__TASK PROMPT__
Repeat every record below exactly as it appears.

(Beginning of MATERIAL FOR THIS EXERCISE)

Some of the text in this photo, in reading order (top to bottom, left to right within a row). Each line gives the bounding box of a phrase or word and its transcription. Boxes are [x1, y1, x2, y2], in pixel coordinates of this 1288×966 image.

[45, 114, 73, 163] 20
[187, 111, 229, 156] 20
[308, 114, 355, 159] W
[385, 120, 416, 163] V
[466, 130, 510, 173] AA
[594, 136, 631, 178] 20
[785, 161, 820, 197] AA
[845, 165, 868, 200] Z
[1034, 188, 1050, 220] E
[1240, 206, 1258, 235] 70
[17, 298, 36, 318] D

(End of MATERIAL FOR THIS EXERCISE)

__OUTPUT__
Some of the text in this photo, in reading order (top to bottom, left to right within a row). Each line gives the bounding box of a phrase or word and its transcription. Boxes are [x1, y1, x2, y2], in pixel coordinates of this 1288×966 image.

[45, 114, 73, 163] 20
[187, 111, 229, 156] 20
[308, 114, 355, 159] W
[385, 120, 416, 163] V
[466, 130, 510, 173] AA
[594, 136, 631, 178] 20
[785, 161, 820, 197] AA
[845, 165, 868, 200] Z
[1034, 188, 1050, 220] E
[1240, 206, 1258, 235] 70
[17, 298, 36, 318] D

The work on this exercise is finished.